Appellant State of Minnesota contests a pretrial order in which the district court suppressed the evidence, resulting in a dismissal of the charge of procuring alcohol for a minor. The state challenges the district court’s ruling that a police officer, having stopped a vehicle for having no license plates, should have terminated the detention immediately upon noticing a “drive-out sticker” on the vehicle’s rear window, and that her conversation with the driver, during which she smelled alcohol, did not provide a lawful basis for further investigation. We reverse and remand.

FACTS

Officer Melissa Hill was on routine patrol when she noticed a car without license plates. She initiated a traffic stop. As she approached the car, she noticed a white “drive-out” sticker in the rear window, indicating the car was properly licensed and registered. Nonetheless, Hill approached B.H., the driver, to explain why she had made the stop. While she was speaking to B.H., Hill smelled a faint odor of alcohol coming from the car’s interior.

There were five occupants in the car. The driver stated that the car did not belong to him and a passenger, N.J.G., identified himself as the son of the owner. Officer Hill asked N.J.G. to step out of the car and asked him if there was anything illegal in the car or anything she should be aware of. N.J.G. said there was an alcoholic beverage and that it belonged to appellant Janice Lopez. Officer Hill asked N.J.G. if she could look in the car, and he said she could. When Hill searched the car, she found a twelve-pack of beer with three cans missing and two opened cans next to the twelve-pack. Lopez, a passenger in the car, said the beer belonged to her. Officer Hill then conducted preliminary blood tests on the vehicle’s occupants. B.H., a minor, tested positive for alcohol. Lopez was charged with providing alcohol to a minor in violation of Minn.Stat. § 340A.503, subd. 2(1) (2000).

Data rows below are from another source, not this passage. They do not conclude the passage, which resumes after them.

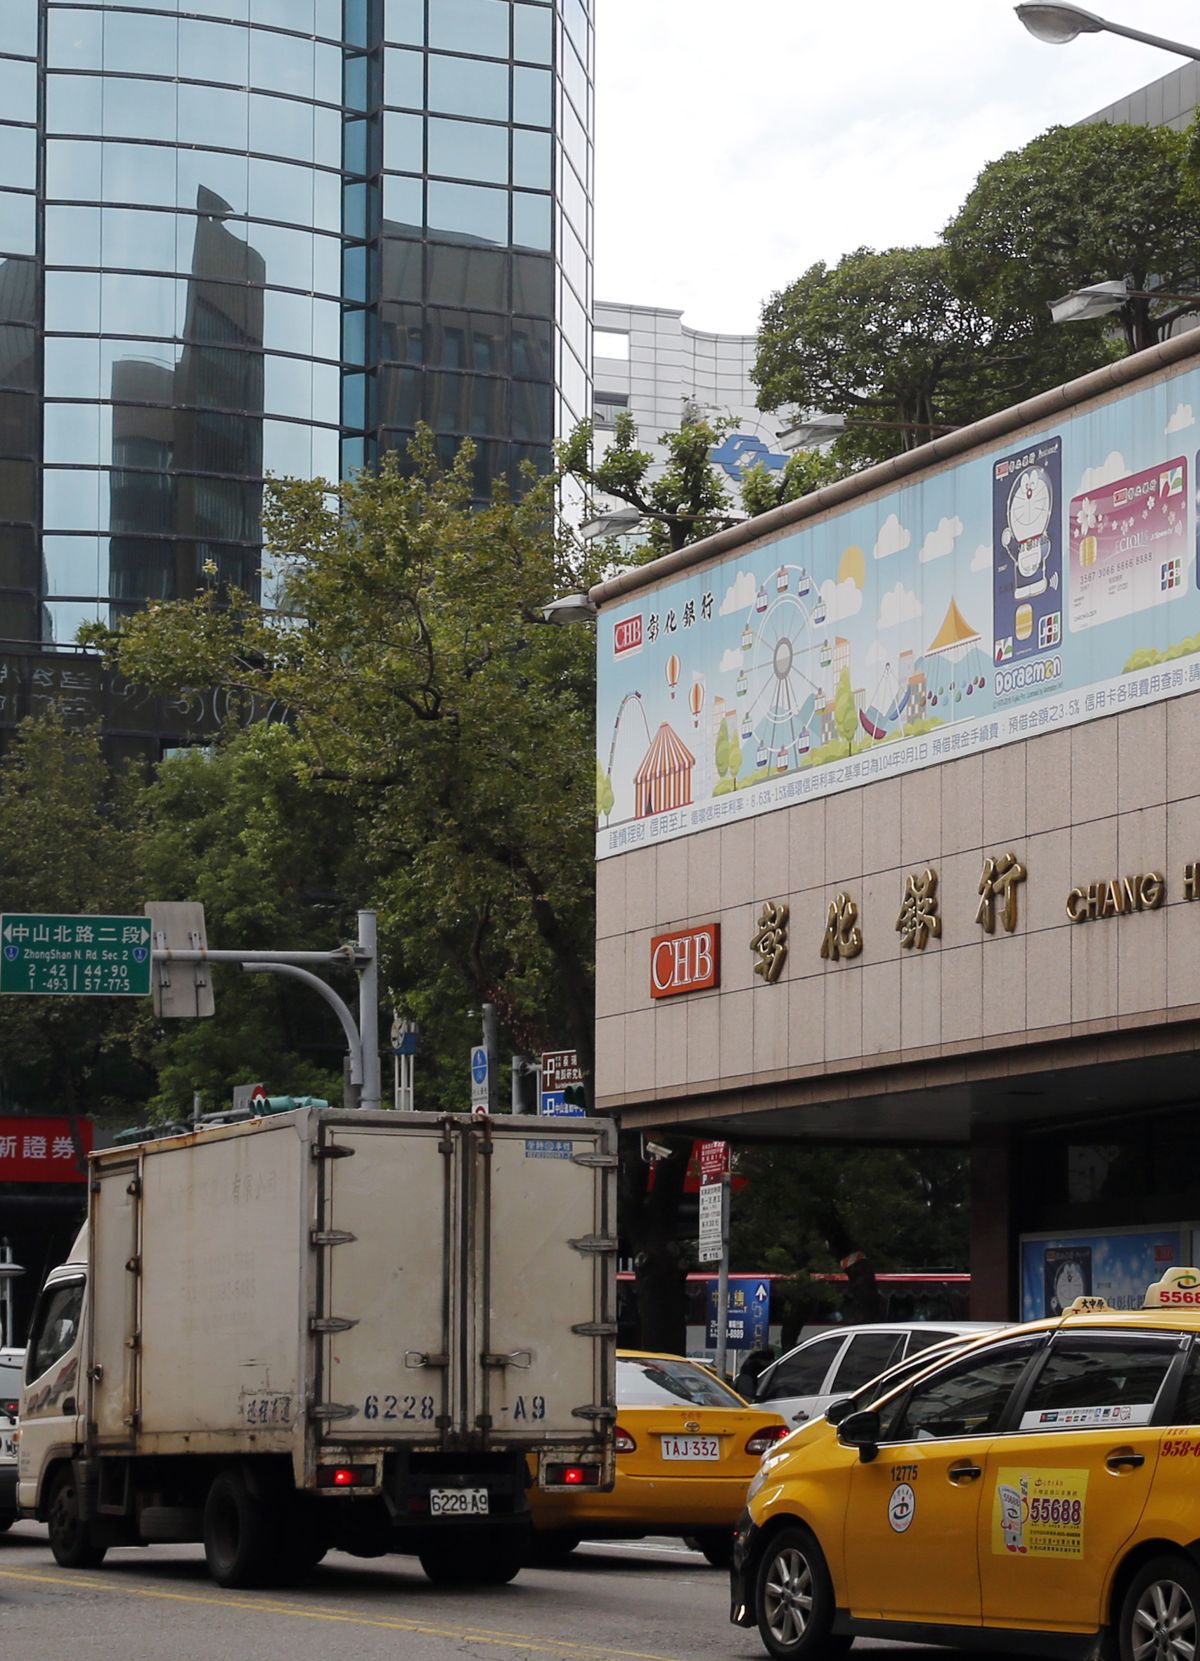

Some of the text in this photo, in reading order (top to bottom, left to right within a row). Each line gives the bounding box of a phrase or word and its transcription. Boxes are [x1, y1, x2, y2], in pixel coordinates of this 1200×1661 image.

[647, 592, 714, 642] 彰化銀行
[616, 621, 641, 649] CHB
[994, 655, 1062, 697] Doraemon
[650, 812, 687, 836] 信用至上
[1066, 872, 1165, 922] CHANG
[750, 852, 1027, 983] 彰化銀行
[12, 923, 141, 944] 中山北路二段
[652, 931, 712, 990] CHB
[364, 1395, 434, 1420] 6228
[664, 1440, 718, 1456] TAJ-332
[891, 1464, 919, 1481] 12775
[431, 1494, 488, 1514] 6228-A9
[1030, 1498, 1081, 1525] 55688

Lopez moved the court to dismiss the charges due to lack of probable cause. After a contested omnibus hearing, the district court stated that Officer Hill should have terminated the stop as soon as she saw the “drive-out” sticker in the car’s rear window. The court concluded that the continued detention was illegal and all evidence obtained thereafter must be suppressed as the fruit of the illegal stop. Accordingly, the court dismissed the charge. This appeal followed.

ISSUES

1. Did the district court err by concluding that the arresting officer did not have probable cause to search the vehicle?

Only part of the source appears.